Light is one of the most powerful cues for our internal clock. Getting outside and exposing yourself to natural sunlight soon after waking can go a long way toward resetting your biological clock. Conversely, weaning yourself off of bright light (including the light from electronic devices) at the end of the day is key to setting the stage for a good night’s sleep. (The body’s clock is most sensitive to light in the hour after waking and in the two hours before bedtime.)

Researchers have also found that early morning exercise can help advance your body’s clock if you have trouble getting in gear early in the day or difficulty winding down at the end of the day.

Additional habits to good sleep hygiene

Sleep likes structure, so a routine is critical to resetting our body’s clock and developing good sleep hygiene. I tell clients that the single most effective step they can take is to rise and retire at the same time each day. Prioritize consistency, even if it means waking up when you do not have to.

The American Academy of Sleep Education outlines other elements of good sleep hygiene, which include:

  • establish a relaxing bedtime routine
  • avoid a large meal in the hours immediately before bed, along with alcohol or caffeine
  • use your bed only for sleep and sex
  • limit bright lights as you approach bedtime, and wean yourself off your electric devices
  • if you experience more than 20 minutes of sleeplessness (either while trying to fall asleep or in the middle of the night), get up and do something quiet and relaxing (I suggest breathing exercises or listening to binaural beats) until you feel sleepy

Women and sleep

Pandemic sleeplessness has hit women especially hard. Two recent studies have found that sleep deprivation in moms is now twice as high as it was before Covid-19; and that 53% of moms (as compared to 29% of dads) report sleep problems due to stress related to the pandemic.

The realities of working from home and the squeeze on childcare combine to force many working mothers to burn the candle at both ends. A common refrain from women is the need to stay up late (after the kids are in bed) or get up early (before the kids wake up) in order to tend to critical work tasks.

Employers should be mindful of the effect the pandemic is having on women’s sleep. They can help female employees maintain a manageable workload and disconnect from work at a reasonable hour. Sleep deprivation is not only having an adverse effect on women’s health; it is among many factors leading women to drop out of the workforce.

What business leaders can do

Business leaders can also take proactive steps to enable all employees to disconnect from work. The feeling of always having to be “on” and available is a significant driver of sleep problems.

An executive client of mine did not realize the signals he was sending to his team when he emailed them off-hours or over the weekend. He was not only modeling unhealthy behavior; he was implicitly creating the expectation that his employees needed to stay “on,” making it more difficult for them to disconnect. I first suggested that he lead by example and also unplug and, in the case that he needed to send an email during off-hours to use an automated email scheduling delivery system so his team could receive the email during regular business hours.

One of the most important things business leaders can do to promote well-being in the workplace is to normalize discussions around the things that affect your employees’ well-being—whether that be mental health or the importance of sleep.

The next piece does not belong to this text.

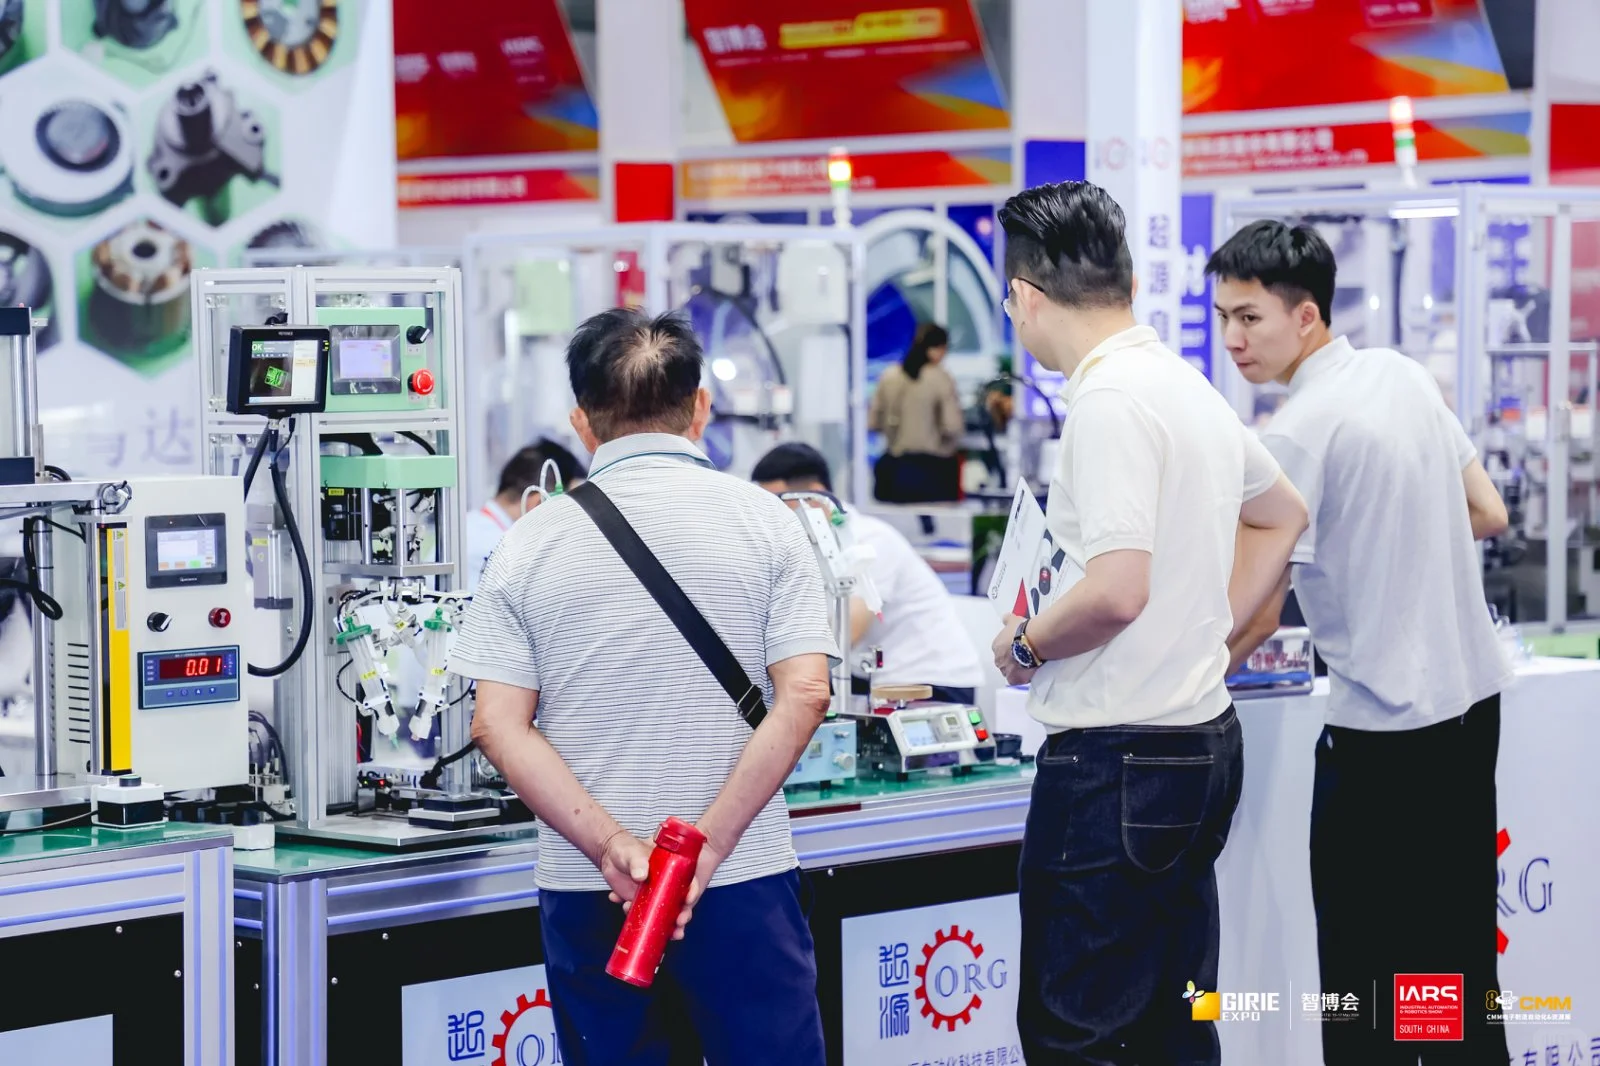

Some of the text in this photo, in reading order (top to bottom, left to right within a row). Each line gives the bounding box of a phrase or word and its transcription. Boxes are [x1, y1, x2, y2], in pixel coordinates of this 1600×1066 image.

[252, 343, 263, 352] OK
[186, 657, 222, 677] 0.01
[934, 958, 1008, 998] ORG

Ask your employees: “What keeps you up at night?” I recently wrote about gamifying well-being, and you can bring that approach to healthy sleep as well. Create a challenge, encouraging employees to share their favorite sleep hack, and then have everyone commit to adding one new hack to their routine.

A holistic approach to good sleep means developing a healthy bedtime routine and paying attention to all the choices we make throughout the day that either promote a good night’s sleep or detract from it. The quality of our waking hours sets the stage for the quality of our sleeping hours. Business leaders can contribute significantly to their employees’ sleep health by enabling them to manage their workload and make sure they can turn off at a reasonable hour. When we near bedtime with peace of mind, we set the stage for a good night’s sleep and a productive tomorrow.